Figure 1. Dosage data in Single-Dosage format with samples in row labels a. In the first dialog, leave Spreadsheet is in Single-Dosage format (one column/row per sample) checked. b. Also leave Row Labels selected after Samples are found in. c. Since this spreadsheet contains only real columns, this is the only numeric type available. Leave it checked and click Next>. d. In the next prompt, specify minimum and maximum threshold values for A_A, A_B and B_B. Click Convert. e. The resulting spreadsheet contains the converted genotypes and is a child of the original spreadsheet.

4. CASE 2: Samples in Row Labels, Double-Dosage Format a. In the first dialog, uncheck Spreadsheet is in Single-Dosage format (one column/row per sample). b. Leave Row Labels selected after Samples are found in. c. Since this spreadsheet contains only real columns, this is the only numeric type available. Leave it checked and click Next>.

d. In the next prompt, specify the minimum dosage value for a called genotype. Click Convert. e. The resulting spreadsheet contains the converted genotypes and is a child of the original spreadsheet. 5. CASE 3: Samples in Column Headers, Single-Dosage Format. a. In the first dialog, leave Spreadsheet is in Single-Dosage format (one column/row per sample) checked. b. Select Column Headers after Samples are found in.

c. This spreadsheet contains integer and real columns that contain dosage data. Leave both types checked and click Next>. d. In the next prompt, specify the minimum and maximum dosage values for each genotype. e. This spreadsheet also contains allele translation columns for A and B. Check Translate Alleles and choose the appropriate columns (this may be auto-detected and checked in your own spreadsheet). f. The resulting spreadsheet contains the converted genotypes (with translated alleles) and is a child of the original spreadsheet.

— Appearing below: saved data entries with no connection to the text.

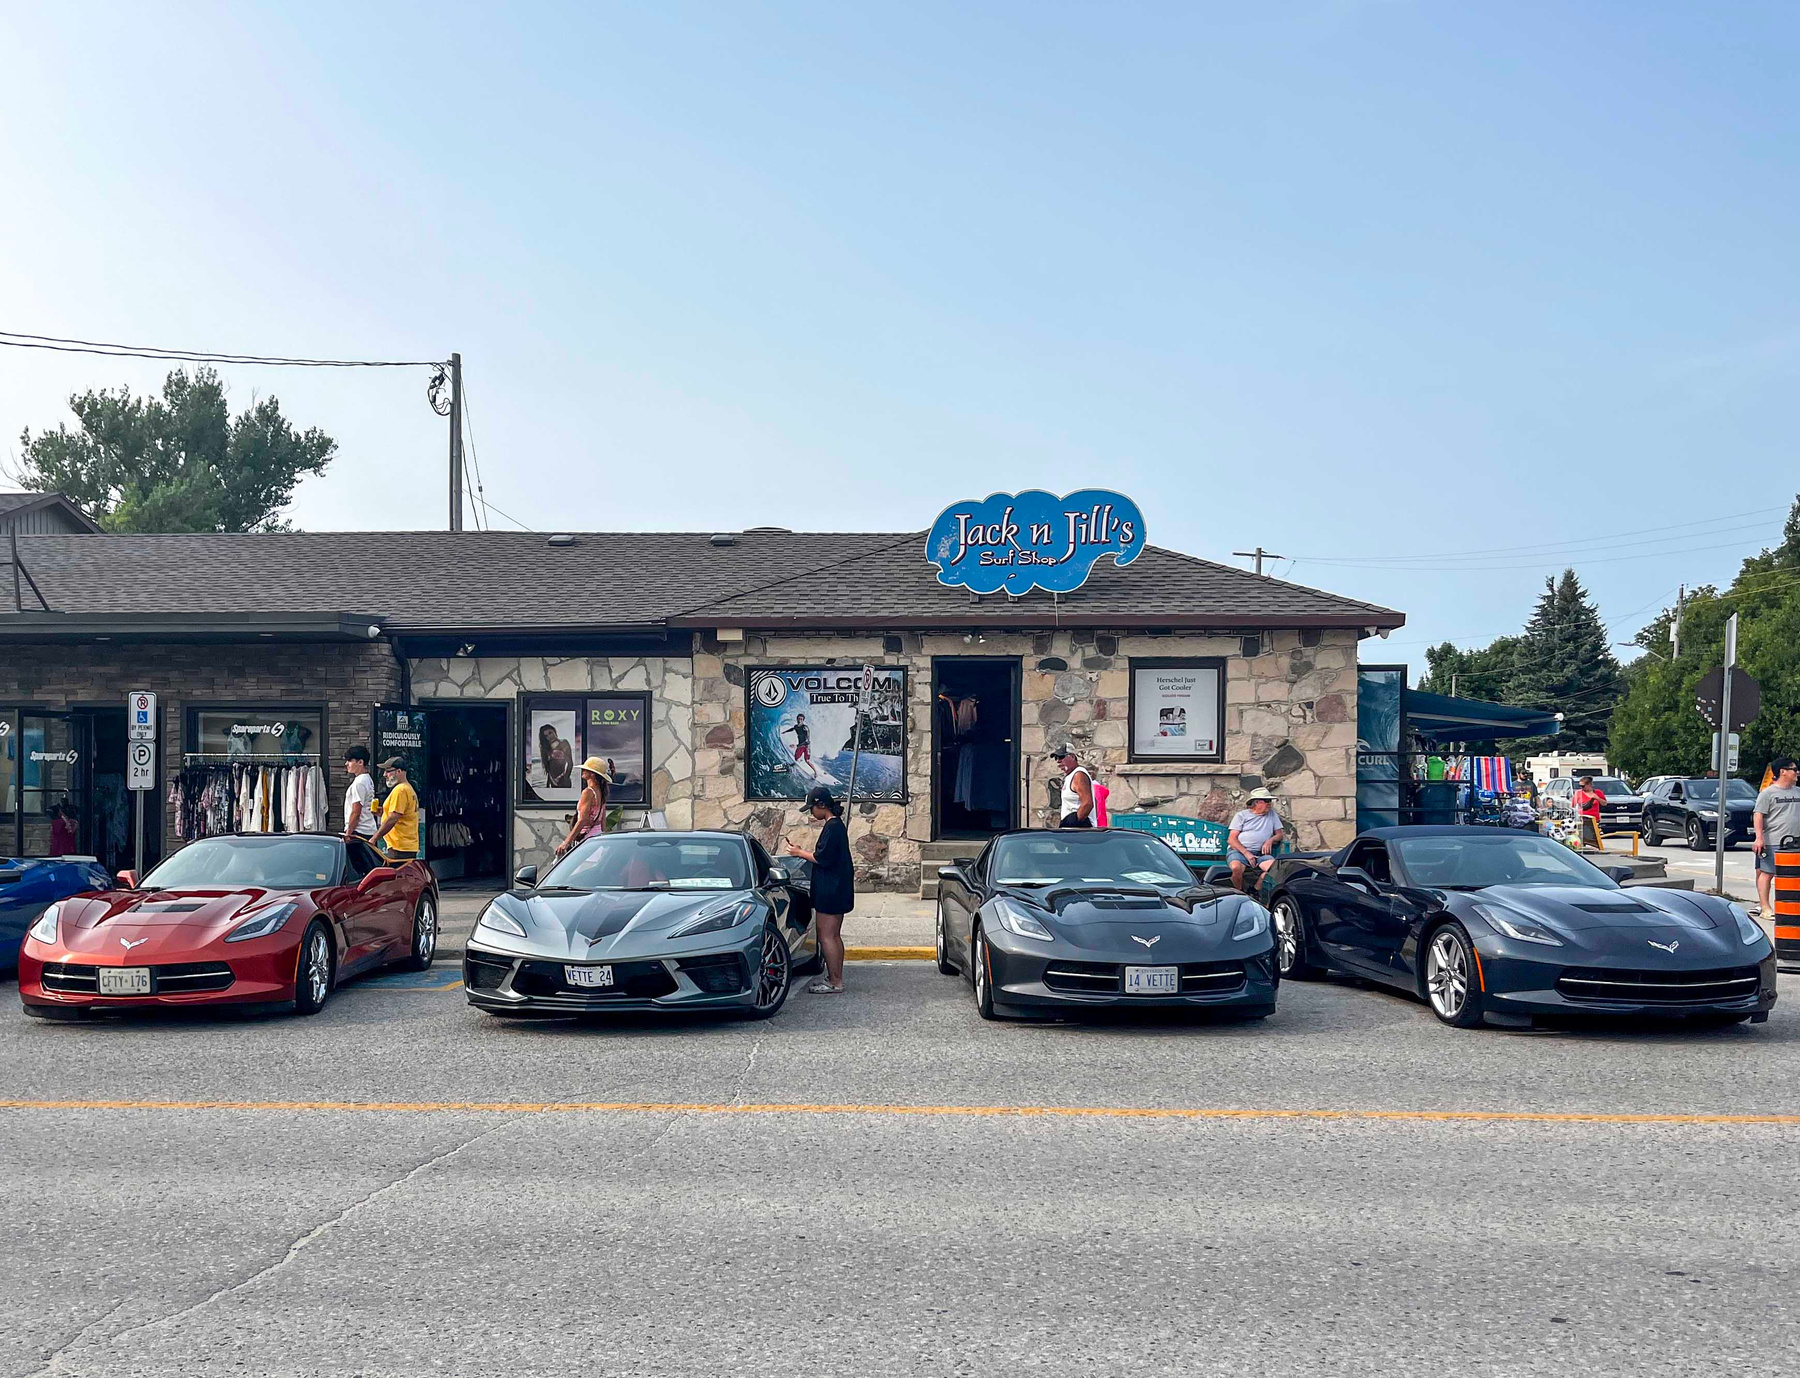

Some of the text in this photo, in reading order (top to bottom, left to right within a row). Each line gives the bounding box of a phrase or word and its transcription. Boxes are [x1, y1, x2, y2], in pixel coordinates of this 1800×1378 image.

[950, 504, 1135, 566] Jack n Jill's
[979, 550, 1058, 566] Surf Shop
[811, 693, 832, 702] True
[833, 693, 845, 702] To
[591, 709, 640, 721] ROXY
[382, 732, 421, 740] RIDICULOUSLY
[382, 739, 422, 748] COMFORTABLE
[1357, 755, 1390, 765] CURL
[134, 767, 149, 777] 2 hr
[102, 975, 148, 988] CFTY 176
[566, 969, 612, 982] VETTE 24
[1128, 973, 1176, 987] 14 VETTE
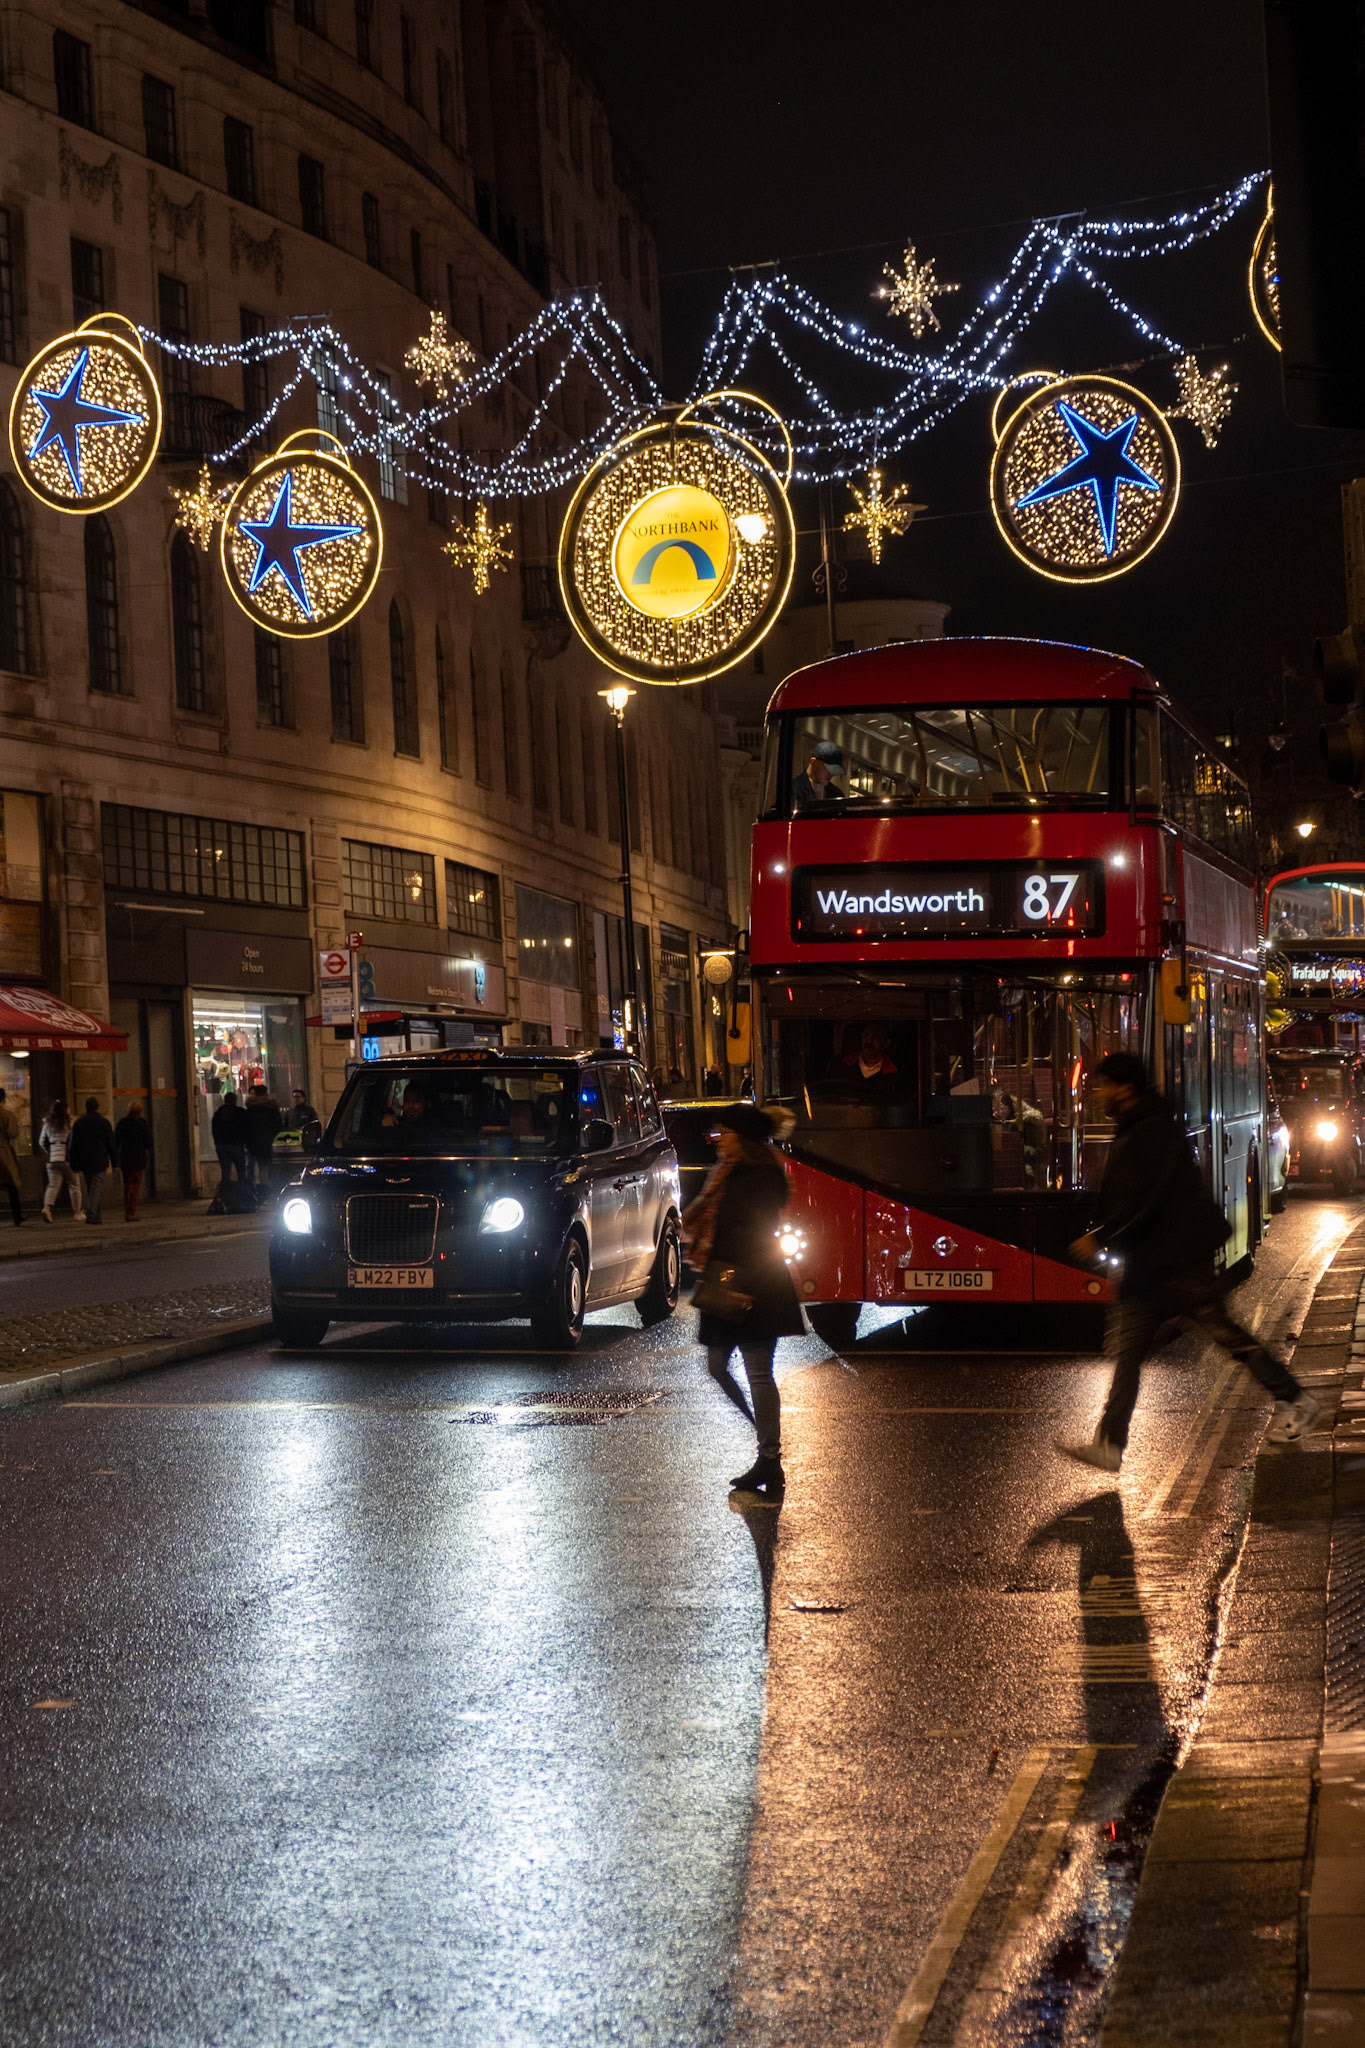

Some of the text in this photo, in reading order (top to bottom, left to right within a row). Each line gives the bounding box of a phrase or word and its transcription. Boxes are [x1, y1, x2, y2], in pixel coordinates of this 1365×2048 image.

[629, 519, 719, 539] NORTHBANK
[816, 874, 1079, 920] Wandsworth 87
[349, 933, 359, 947] E
[244, 946, 260, 960] Open
[241, 961, 265, 973] 24 hours
[1292, 966, 1361, 983] Trafalgar Square
[441, 1051, 488, 1061] TAXI
[354, 1270, 427, 1284] LM22 FBY
[914, 1272, 983, 1287] LTZ 1060

6. CASE 4: Samples in Column Headers, Double-Dosage Format. a. In the first dialog, uncheck Spreadsheet is in Single-Dosage format (one column/row per sample). b. Select Column Headers after Samples are found in. c. This spreadsheet has real columns that contain dosage data and an integer column with position. Since you do not want to convert position, uncheck Integer columns (1) click Next>. d. In the next prompt, specify the minimum dosage value for a called genotype. e. This spreadsheet contains marker map information so check Create Marker Map from columns and choose the appropriate columns (these may be auto-detected and checked in your own spreadsheet).

f. This spreadsheet also contains allele translation columns for A and B. Check Translate Alleles and choose the appropriate columns. g. The resulting marker-mapped spreadsheet contains the converted genotypes (with translated alleles) and is a child of the original spreadsheet.